## 🧪 Benchmark Evaluation in Causal3D

To evaluate the capabilities of existing algorithms in learning latent causalities, **Causal3D** provides a benchmark suite with various tasks and metrics. This allows researchers to assess the performance of their methods across diverse causal structures and scenarios.

---

## 📊 Evaluation Tasks

In the **Causal3D** dataset, each scene includes both rendered images and corresponding tabular data. These paired modalities enable evaluation on multiple types of causal learning tasks:

---

### 🔍 Causal Discovery from Tabular Data

We evaluate the performance of various causal discovery methods on tabular data, covering both traditional algorithms and emerging LLM-powered approaches. We assess 7 traditional methods, including CAM, NoTears, DAG GNN, DiffAN, PC, SCORE, and GraN DAG. Additionally, we include the LLM-based method, Causal Copilot.

- [CAM (Causal Additive Model)](https://fentechsolutions.github.io/CausalDiscoveryToolbox/html/causality.html#cam)
- [DAG GNN](https://github.com/ronikobrosly/DAG_from_GNN)
- [PC Algorithm](https://pgmpy.org/structure_estimator/pc.html)
- [GraN-DAG](https://github.com/kurowasan/GraN-DAG)
- [NOTEARS](https://github.com/xunzheng/notears)
- [DiffAN](https://github.com/vios-s/DiffAN)
- [SCORE](https://github.com/paulrolland1307/SCORE)
- [Causal Copilot](https://github.com/Lancelot39/Causal-Copilot)

---

### 🧠 Causal Representation Learning

we evaluate causal representation learning models, including CausalVAE, DEAR, ICM-VAE, and CDG-VAE on our dataset. The images and other information needed by models (e.g., CausalVAE requires annotations of causal variables) are taken as input. These methods are all based on the variational autoencoder (VAE) framework and aim to learn a low-dimensional representation composed of multiple disentangled yet causally related latent variables inside images.
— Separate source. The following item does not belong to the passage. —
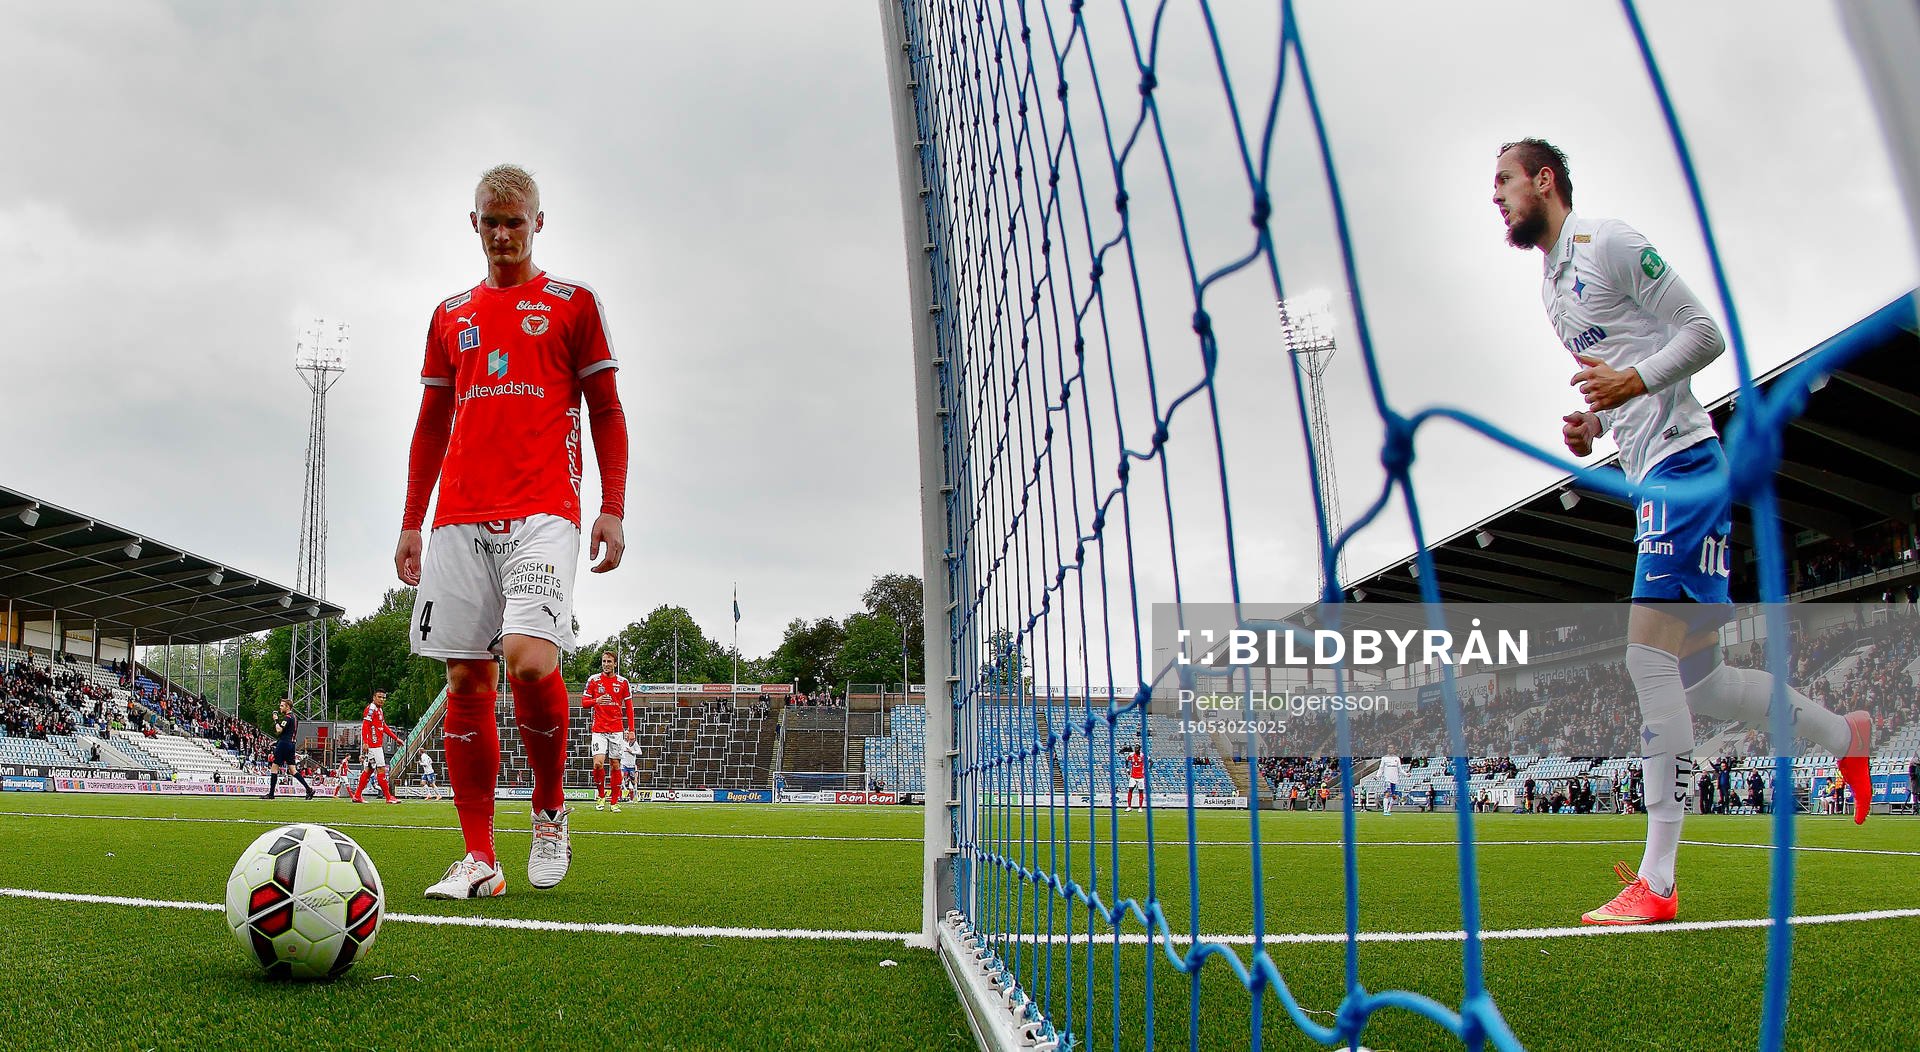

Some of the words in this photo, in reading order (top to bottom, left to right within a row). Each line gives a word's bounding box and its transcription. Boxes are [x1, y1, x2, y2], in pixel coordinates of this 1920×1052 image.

- [CausalVAE](https://github.com/huawei-noah/trustworthyAI/tree/master/research/CausalVAE)
- [DEAR](https://github.com/xwshen51/DEAR)
- [ICM-VAE](https://github.com/Akomand/ICM-VAE)
- [CDG-VAE](https://github.com/an-seunghwan/CDG-VAE)

---

### 🖼️ Causal Discovery from Few Images via VLMs

we leverage pretrained VLMs to perform causal discovery using a small number of images. In this section we use **ChatGPT-4o, Gemini-1.5-Pro, and Claude-3.5-Haiku** to discover causal relations by few images examples and textual prompts in real and hypothetical scenes. The VLMs are tasked with uncovering causal relations by generating adjacency matrices representing causal graphs.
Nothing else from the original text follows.